A verbatim copy of every record is required, and no pictures should be included.

[Opening Extracted data section]

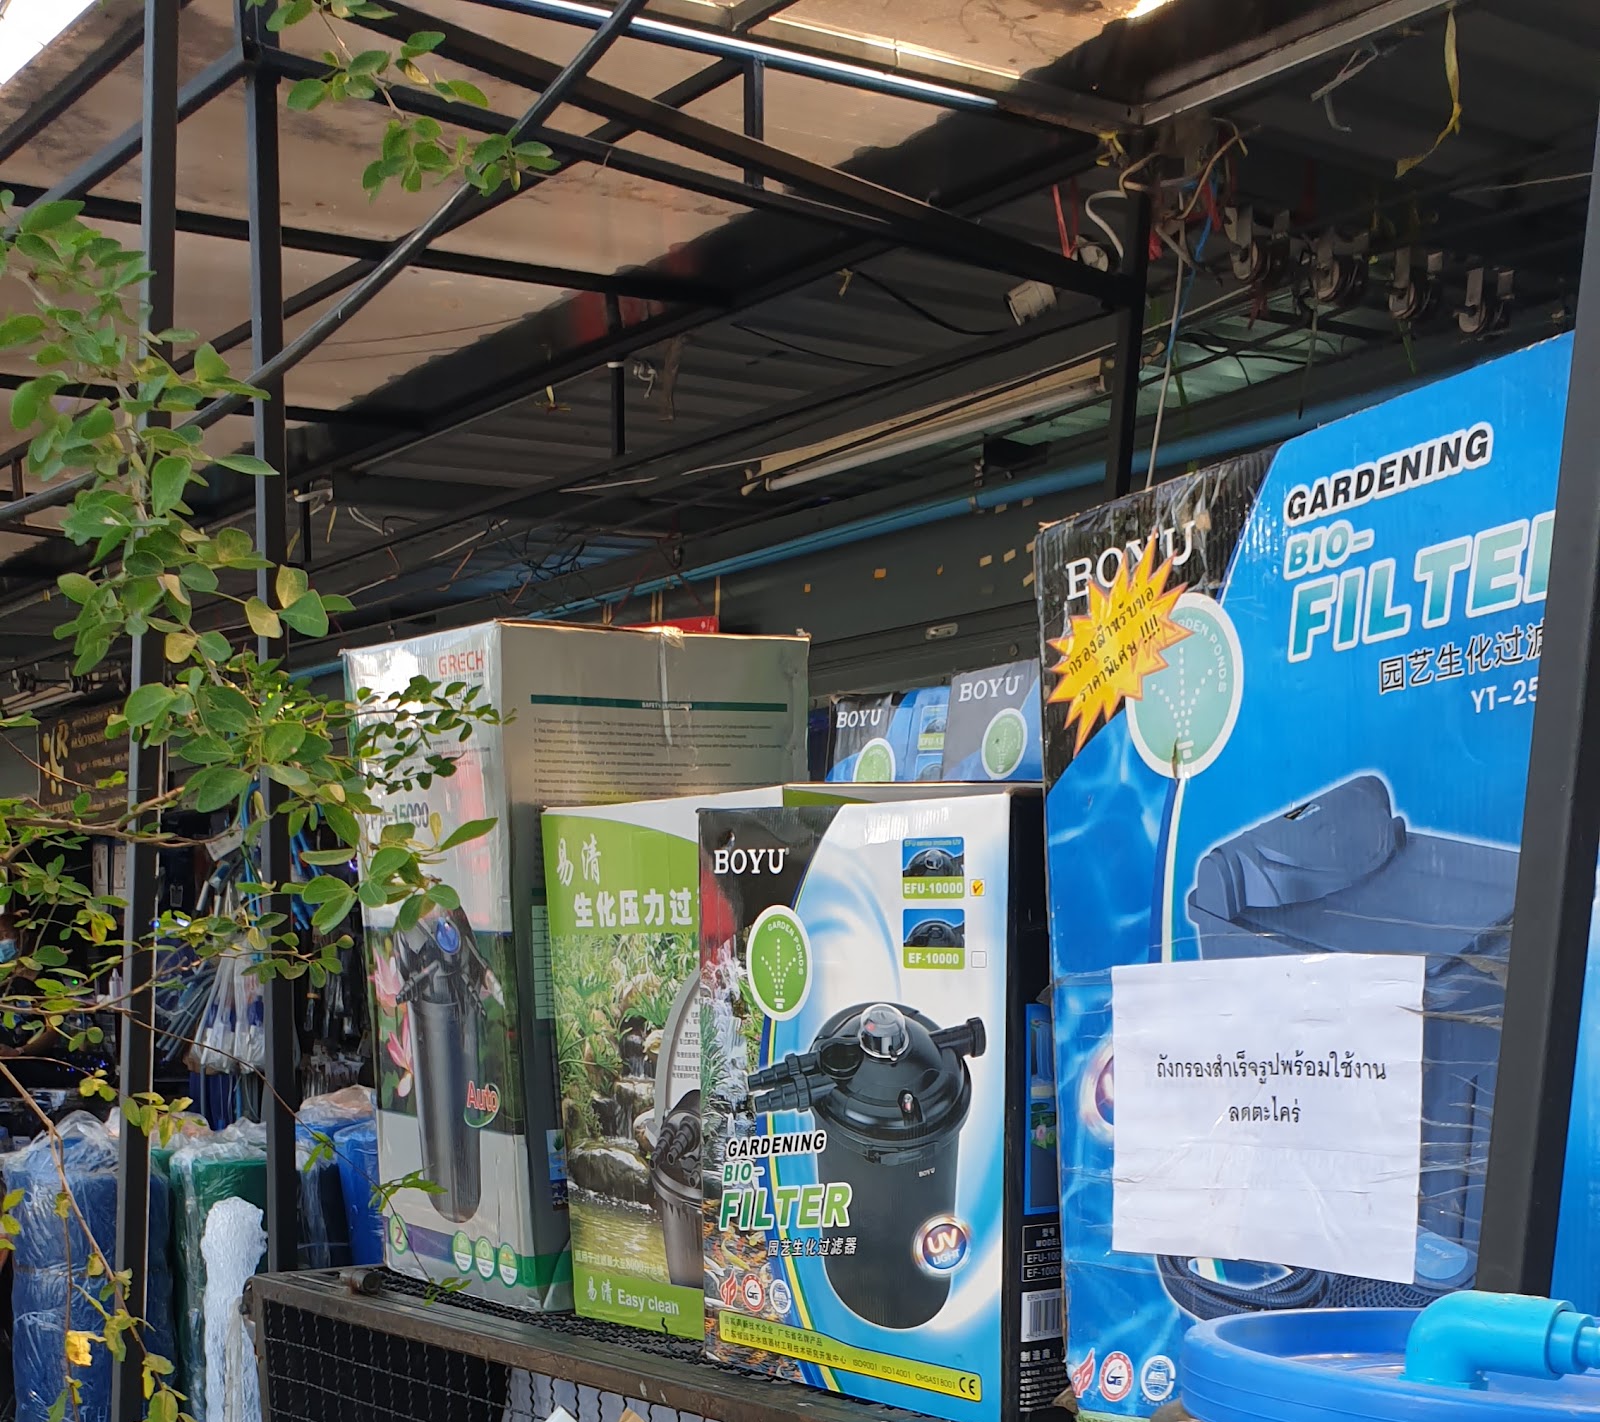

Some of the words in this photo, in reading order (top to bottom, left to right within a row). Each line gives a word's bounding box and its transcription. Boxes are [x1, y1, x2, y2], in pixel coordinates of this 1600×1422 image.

[1287, 428, 1489, 521] GARDENING
[1287, 525, 1371, 575] BIO-
[438, 649, 484, 676] GRECH
[1209, 634, 1228, 694] PONDS
[957, 675, 1021, 702] BOYU
[836, 708, 882, 729] BOYU
[713, 848, 784, 875] BOYU
[904, 882, 964, 895] EFU-10000
[573, 887, 700, 928] 生化压力过
[767, 919, 794, 937] GARDEN
[793, 936, 805, 976] PONDS
[908, 952, 960, 965] EF-10000
[1156, 1049, 1387, 1085] ถังกรองสำเร็จรูปพร้อมใช้งาน
[466, 1080, 498, 1113] Auto
[1228, 1095, 1302, 1124] ลดตะไคร่
[728, 1132, 826, 1158] GARDENING
[723, 1162, 765, 1183] BIO-
[720, 1185, 852, 1230] FILTER
[767, 1236, 858, 1257] 园艺生化过滤器
[927, 1228, 958, 1255] UV
[932, 1248, 961, 1266] LIGHT
[617, 1288, 646, 1313] Easy
[647, 1295, 680, 1316] clean
[852, 1358, 878, 1371] ISO9001
[881, 1364, 912, 1379] ISO14001

[Closing Extracted data section]

* **Exercise solution**:
Some of the words in this photo, in reading order (top to bottom, left to right within a row). Each line gives a word's bounding box and its transcription. Boxes are [x1, y1, x2, y2], in pixel coordinates of this 1600×1422 image.

[1287, 428, 1489, 521] GARDENING
[1287, 525, 1371, 575] BIO-
[438, 649, 484, 676] GRECH
[1209, 634, 1228, 694] PONDS
[957, 675, 1021, 702] BOYU
[836, 708, 882, 729] BOYU
[713, 848, 784, 875] BOYU
[904, 882, 964, 895] EFU-10000
[573, 887, 700, 928] 生化压力过
[767, 919, 794, 937] GARDEN
[793, 936, 805, 976] PONDS
[908, 952, 960, 965] EF-10000
[1156, 1049, 1387, 1085] ถังกรองสำเร็จรูปพร้อมใช้งาน
[466, 1080, 498, 1113] Auto
[1228, 1095, 1302, 1124] ลดตะไคร่
[728, 1132, 826, 1158] GARDENING
[723, 1162, 765, 1183] BIO-
[720, 1185, 852, 1230] FILTER
[767, 1236, 858, 1257] 园艺生化过滤器
[927, 1228, 958, 1255] UV
[932, 1248, 961, 1266] LIGHT
[617, 1288, 646, 1313] Easy
[647, 1295, 680, 1316] clean
[852, 1358, 878, 1371] ISO9001
[881, 1364, 912, 1379] ISO14001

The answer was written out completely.